Sometimes I have good days, and sometimes I still have awful days. I long for things to be the way they used to be, for the friends and relationships I used to have, and for my smart-ass personality to return. I know in my heart, though, that the way things used to be and the past relationships I had weren't ideal. They were unhealthy, sometimes fake, sometimes toxic. In the long run, I will be better off for everything I've endured. You can't take my smart-ass personality though. I'm keeping that because I know it's still there somewhere, and there's no way in hell I'm giving that up.

This weekend, I leave for a four day vacation in Florida to visit my family. My whole family will be there - my parents, sister, brother-in-law, and my super sweet nephews. I'm welcoming the break with open arms, and when I return, I'm going to concentrate on putting myself first.
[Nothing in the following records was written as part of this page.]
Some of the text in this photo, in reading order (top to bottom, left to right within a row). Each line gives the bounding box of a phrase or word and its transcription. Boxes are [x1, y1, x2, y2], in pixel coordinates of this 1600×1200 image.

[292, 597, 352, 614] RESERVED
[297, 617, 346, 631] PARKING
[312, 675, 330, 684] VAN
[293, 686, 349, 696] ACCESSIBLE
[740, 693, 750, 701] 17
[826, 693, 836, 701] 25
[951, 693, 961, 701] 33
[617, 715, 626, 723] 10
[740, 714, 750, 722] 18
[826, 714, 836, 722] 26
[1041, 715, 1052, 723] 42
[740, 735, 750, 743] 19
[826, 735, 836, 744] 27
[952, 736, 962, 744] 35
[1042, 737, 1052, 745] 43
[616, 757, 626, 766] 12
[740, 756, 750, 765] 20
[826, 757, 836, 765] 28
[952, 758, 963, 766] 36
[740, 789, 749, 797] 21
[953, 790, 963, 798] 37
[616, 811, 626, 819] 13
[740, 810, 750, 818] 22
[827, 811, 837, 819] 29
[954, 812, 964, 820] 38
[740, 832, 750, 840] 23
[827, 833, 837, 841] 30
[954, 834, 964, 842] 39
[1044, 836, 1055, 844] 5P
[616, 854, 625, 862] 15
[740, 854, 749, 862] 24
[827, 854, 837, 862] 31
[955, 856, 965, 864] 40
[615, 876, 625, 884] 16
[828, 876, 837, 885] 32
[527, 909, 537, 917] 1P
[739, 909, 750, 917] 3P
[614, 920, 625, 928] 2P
I've tried before, but this time I'm determined to do it right. First and foremost, I'm going to concentrate on my mind and my spiritual health. I need to reestablish healthy relationships with myself and with God. Next in line is my physical health. Back to working out on a regular basis and eating nourishing, thought-out meals. Back to being ok with my body and my size, and realizing that even though I'm not perfectly toned and I have a little extra around my middle, I'm at a very healthy weight. Right in line with improving my physical health is improving my relationships with others - embracing the fact that I need to let them in more often and realizing I need to be more conscious of what's going on in their lives, too. I am bound and determined to turn things around, because life is too short to be unhappy.
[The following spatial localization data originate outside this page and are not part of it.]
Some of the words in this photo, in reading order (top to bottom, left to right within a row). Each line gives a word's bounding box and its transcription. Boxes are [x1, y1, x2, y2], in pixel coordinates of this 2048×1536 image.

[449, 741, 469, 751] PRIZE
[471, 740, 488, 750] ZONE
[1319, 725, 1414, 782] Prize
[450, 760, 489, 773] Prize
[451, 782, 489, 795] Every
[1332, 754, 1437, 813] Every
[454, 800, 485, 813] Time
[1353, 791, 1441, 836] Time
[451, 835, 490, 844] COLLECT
"When you get into a tight place and everything goes against you, till it seems as though you could not hold on a minute longer, never give up then, for that is just the place and time that the tide will turn."

1 comment:

  1. What a beautiful title. Thank you for sharing some of your pain, because, again, you did it so beautifully. I'd like to read your writing regularly. When a parent died just before I turned 13, I would have been lost without my writing. Writing may help you heal. Please, write again after your trip.